Grandeza tem a ver com qualidade, intensidade. Dedicação. Grandiosidade.

Hoje, 1º de julho de 2020, completam-se 100 anos de nascimento do poeta, declamador, jornalista e radialista Rogaciano Bezerra Leite.

Do município de São José do Egito, mais exatamente no Sitio Cacimba Nova, Povoado Umburanas, hoje território de Itapetim, em Pernambuco, onde nasceu em um dia hoje, em 1920, numa quinta-feira, até o Rio de Janeiro (RJ), em uma terça-feira, 7 de outubro de 1969, quando o coração do homem não aguentou a intensidade do artista, Rogaciano Leite caminhou caminhos nunca dantes caminhados pela maioria de seus conterrâneos nordestinos. Nesse itinerário de vida e ofício, Rogaciano, jornalista, escreveu reportagens premiadas; poeta, escreveu versos declamados; compositor, escreveu canções gravadas; declamador, recitou e interpretou poemas aplaudidos.
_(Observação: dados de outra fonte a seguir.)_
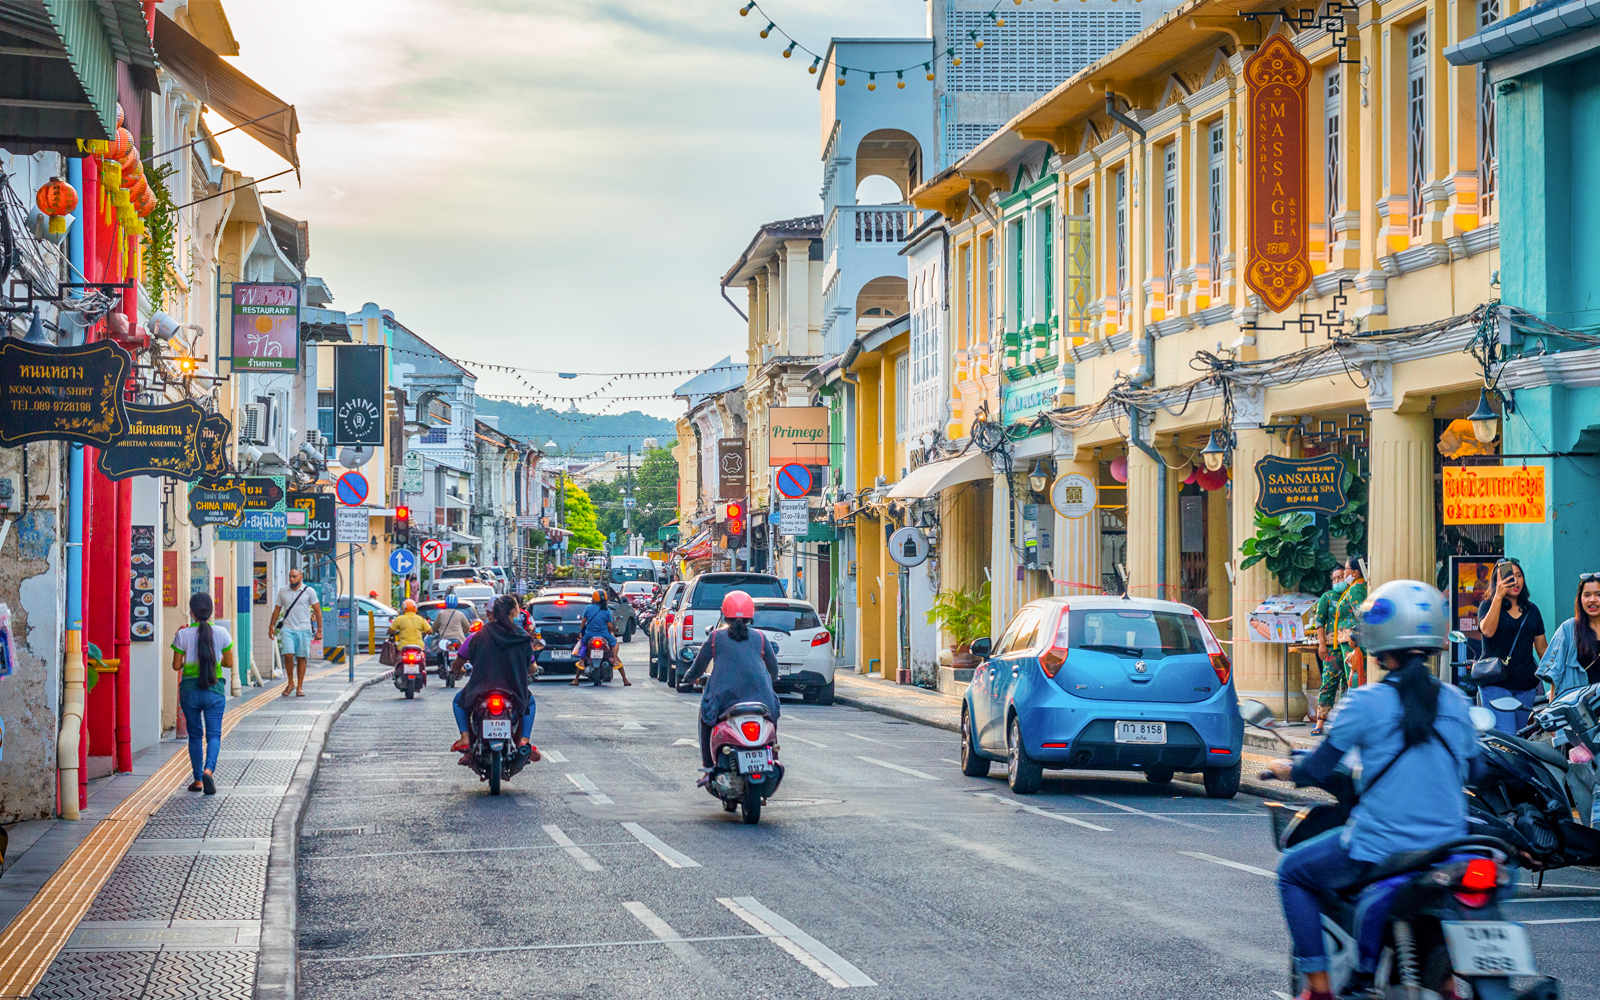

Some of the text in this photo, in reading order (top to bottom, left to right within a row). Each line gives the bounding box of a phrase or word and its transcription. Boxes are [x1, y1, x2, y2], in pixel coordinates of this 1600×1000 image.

[1259, 103, 1267, 183] SANSABAI
[1270, 102, 1285, 235] MASSAGE
[1267, 242, 1290, 255] 按摩
[242, 306, 290, 314] RESTAURANT
[247, 358, 282, 368] ร้านอาหาร
[19, 364, 84, 380] หนนหลาง
[9, 385, 55, 395] NONLANG
[339, 398, 379, 419] CHINO
[772, 425, 824, 441] Primego
[1269, 473, 1334, 485] SANSABAI
[1269, 486, 1310, 494] MASSAGE
[1320, 485, 1335, 493] SPA
[196, 501, 237, 511] CHINA INN
[220, 531, 286, 540] OLDEST HERBS SHOP
[1123, 723, 1162, 734] กว 8158
[747, 764, 765, 772] 897
Os caminhos que Rogaciano caminhou levaram-no, no Brasil, de Norte a Sul do País, sendo destacado e distinguido tanto em Manaus, capital do Amazonas, referência da maior floresta tropical do mundo, quanto em Santos, em São Paulo, referência do maior porto da América Latina.

Os caminhos que Rogaciano caminhou, os ares por onde voou e os mares que atravessou levaram-no a países da Europa (Portugal, França e Espanha), de onde tirou fotos, informações e inspiração para escrever reportagens e outros textos.

O filho dos agricultores Manoel Francisco Bezerra e Dª Maria Rita Serqueira Leite, o marido da aracatiense Maria José Ramos Cavalcante, o pai de Rogaciano Leite Filho, Anita Garibaldi, Roberto Lincoln, Helena Roraima, Rosana Cristina e Ricardo Wagner, era um peripatético, andarilho, “globe-trotter”, em igual tempo sertanejo e cosmopolita, andando e ensinando, escrevendo e emocionando. Um homem homenageado. Conhecido e reconhecido.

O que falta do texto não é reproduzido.